Frozen Lobster and Crab Ravioli Recalled After Packaging Omits Key Allergens
Salt Lake City's Funaro's Perfect Pasta recalled up to 420 pounds of frozen Lobster & Crab Ravioli after packaging left off finfish, soy, and other key allergens.

Perfect Pasta, Inc., the Salt Lake City company operating under the Funaro's Perfect Pasta name, voluntarily pulled up to 42 cases of its frozen Lobster & Crab Ravioli from the market after an FDA report found the product's packaging failed to disclose several allergen-containing ingredients. The recalled product, made on January 19, 2026, was pulled on February 8, with total volume reaching up to 420 pounds depending on the per-case weight, which was reported as ranging between one and ten pounds per case.
The FDA report cited six undeclared ingredients: shrimp, crab, lobster, pollock, whiting, and soy. The packaging that shipped with the product reportedly listed Wheat, Eggs, Milk, and Crustaceans-Shellfish as allergen disclosures, but pollock and whiting, both finfish, were left off entirely. That distinction carries real weight for anyone managing a food allergy. For allergists and their patients, finfish and shellfish are treated as separate allergen categories, meaning someone who knows to avoid crustaceans but scans a label and sees "Crustaceans-Shellfish" listed could still be exposed to a finfish they react to without any warning. Soy, also absent from the label, is recognized as one of the major food allergens.
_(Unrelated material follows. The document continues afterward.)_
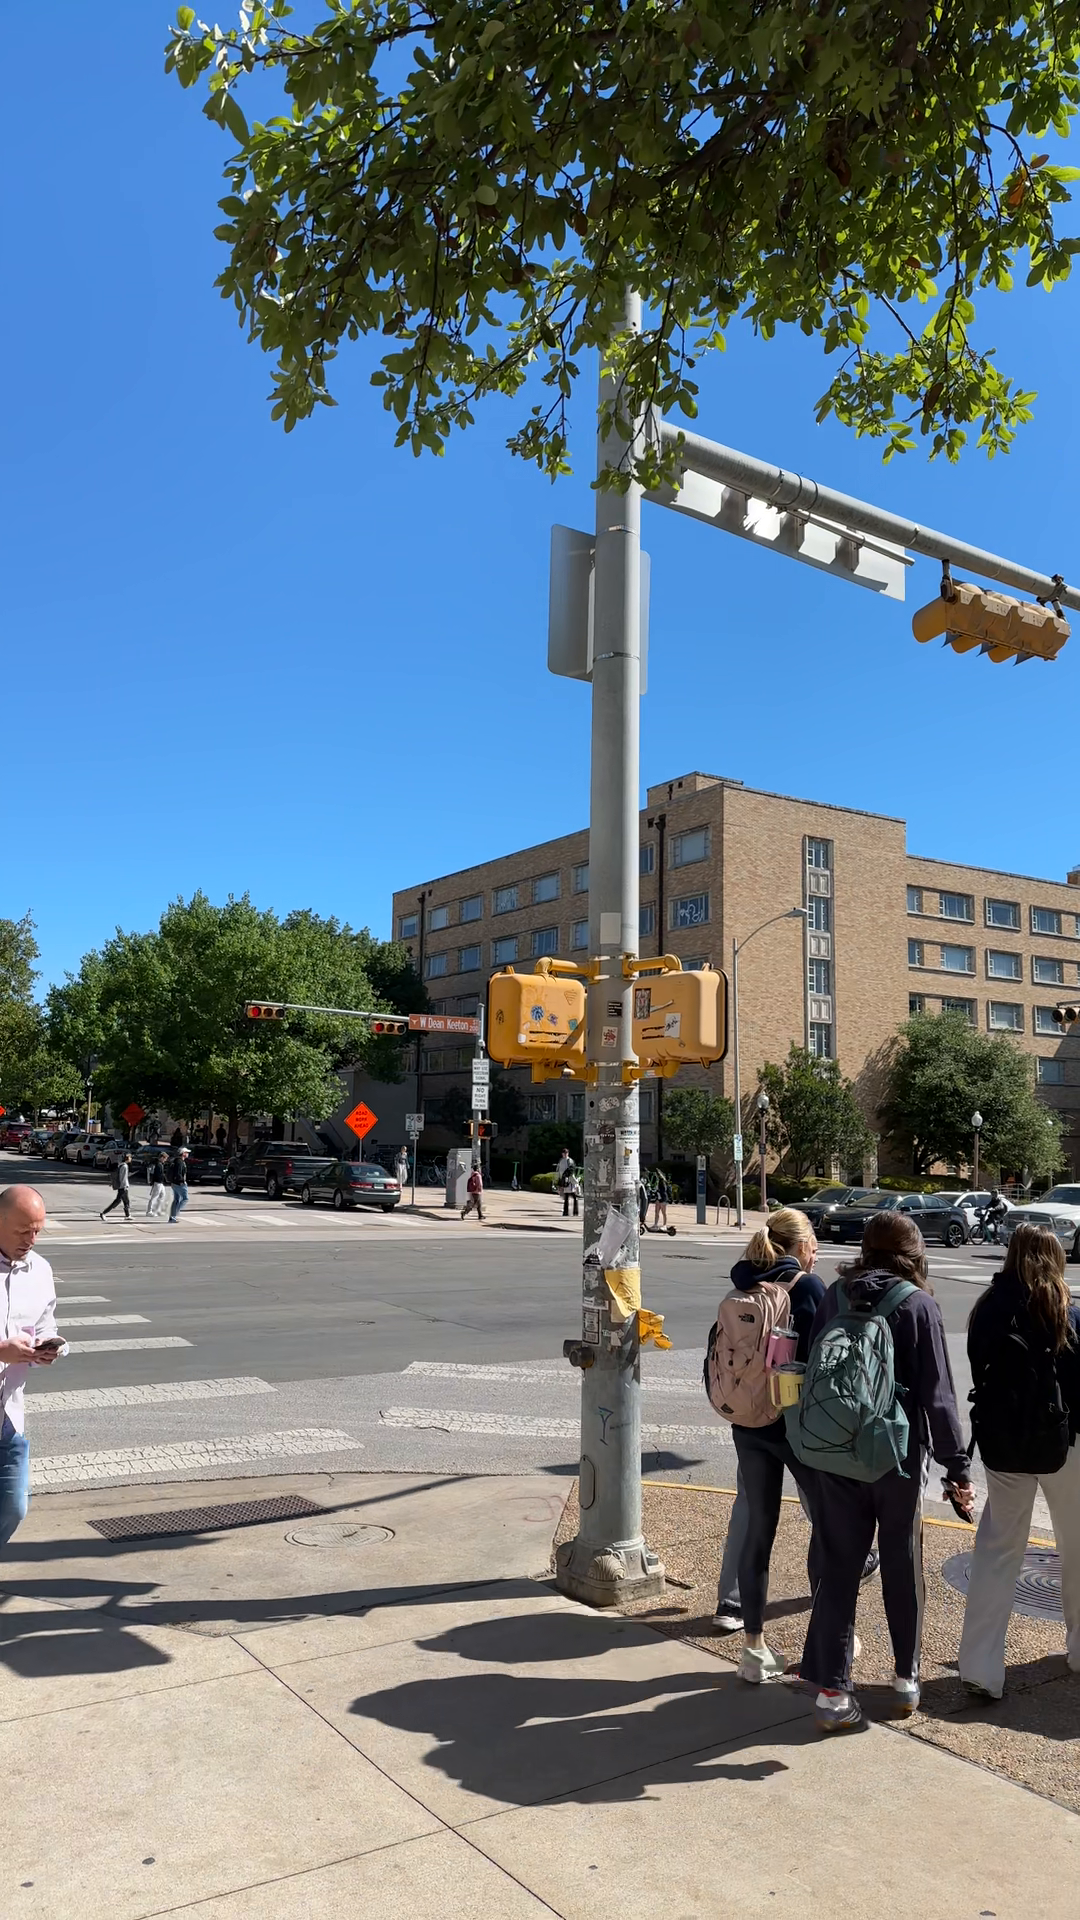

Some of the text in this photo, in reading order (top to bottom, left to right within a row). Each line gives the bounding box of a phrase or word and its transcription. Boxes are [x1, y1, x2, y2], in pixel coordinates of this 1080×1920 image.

[420, 1017, 468, 1030] W Dean Keeton
There is an apparent tension in the recall details worth noting: the packaging reportedly included a general "Crustaceans-Shellfish" declaration, yet the FDA simultaneously listed shrimp, crab, and lobster among the undeclared ingredients. Whether the agency's determination relates to the use of a generic category term versus specific species identification, a lot-level labeling inconsistency, or some other factor has not been clarified in available documentation. The full FDA recall notice, including lot codes, UPC identifiers, and distribution scope, had not been made publicly detailed in the sources available at the time of this reporting.

Food allergy affects approximately 8 million Americans, which gives even a relatively contained recall like this one broader relevance. The 420-pound figure is small compared to many food recalls, but the nature of the omission, a label that appeared complete while leaving out multiple allergen categories, is exactly the kind of gap that puts allergic consumers at risk.
If you purchased frozen Lobster & Crab Ravioli from Funaro's Perfect Pasta recently, check your packaging against any available recall notifications from the FDA's Recalls, Market Withdrawals, and Safety Alerts database, and contact Perfect Pasta, Inc. directly for guidance on returns or disposal. No consumer illnesses connected to this recall had been reported in available sources as of this writing.